233話 王者達の協奏曲 21
ガタン
「……ってことがあってね。少しは善戦したと思いたいけど、結果としては完敗でかな」
アルブラから出て四日目の朝、馬車の上で揺られながら、わたしは隣に座るフィーネと話している。
内容は出発した日のことで、今はマチュアさんとの模擬戦の話をしていた。勿論、わたしの今の状態だけでなく、スキルや格闘術については深くを話してはいない。
『どれだけ親しくとも、あなた自身の詳細をべらべらと話しちゃだめよ?
今のリアは秘密事項の塊みたいなもの。ヴェルフとの絡みもあるけど、良くも悪くも異邦人としての枠に収まりきらない特殊な事態になっているっていう自覚を持ってね。

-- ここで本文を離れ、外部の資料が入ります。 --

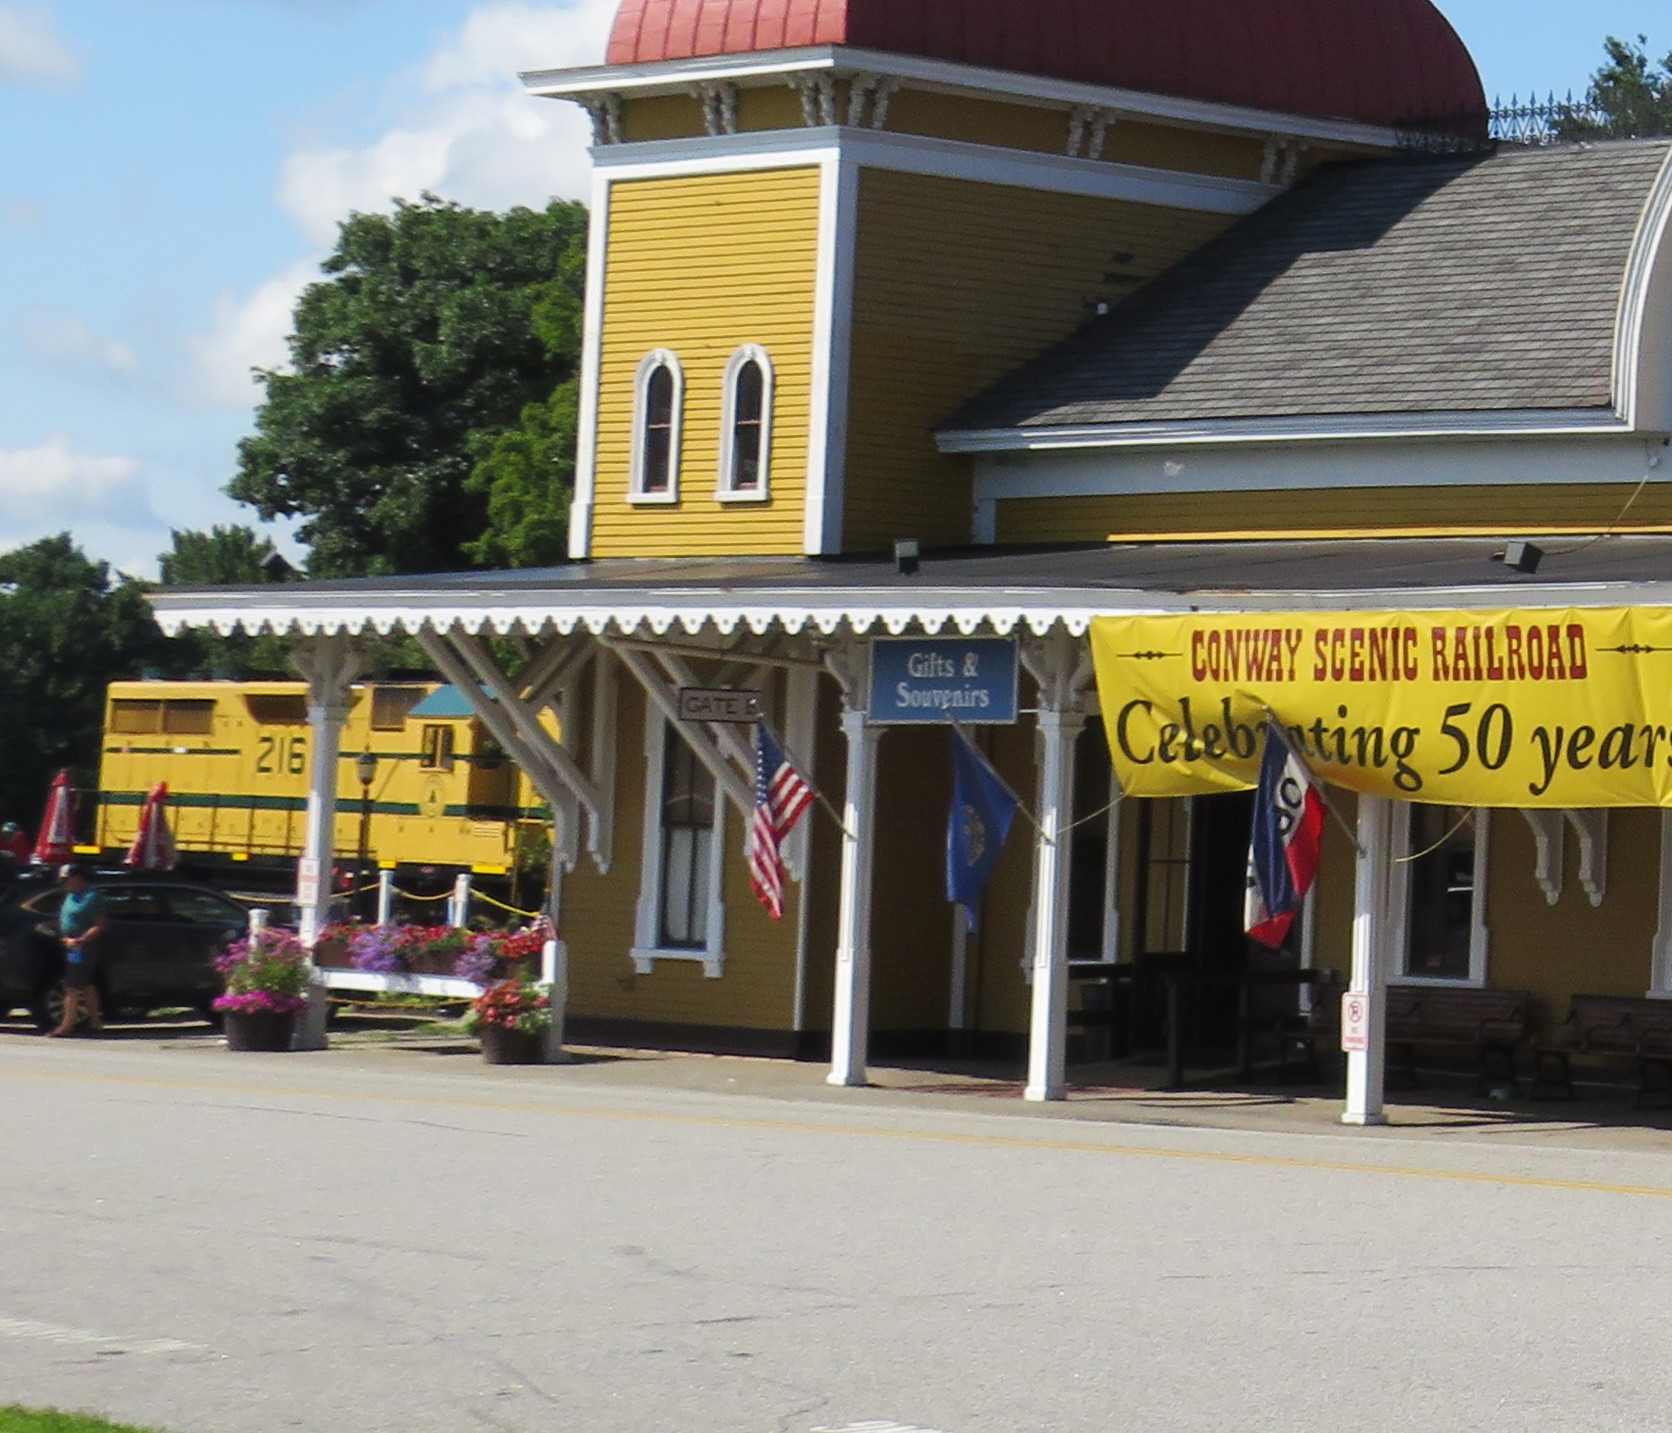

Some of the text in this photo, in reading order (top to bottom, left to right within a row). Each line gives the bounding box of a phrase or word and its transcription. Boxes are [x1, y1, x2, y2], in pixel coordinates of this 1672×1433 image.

リアのことを利用したいっていう奴だけでなく、言い方は悪いけど“リアの価値”に気がついた人がいたら、間違いなく厄介な状態に引き込まれるからね』
わたし自身がわたしにどれだけの価値があるかをわかっていないけど、ヴェルフさんの放送一つとっても“面倒な存在”だというぐらいの認識は出来ている。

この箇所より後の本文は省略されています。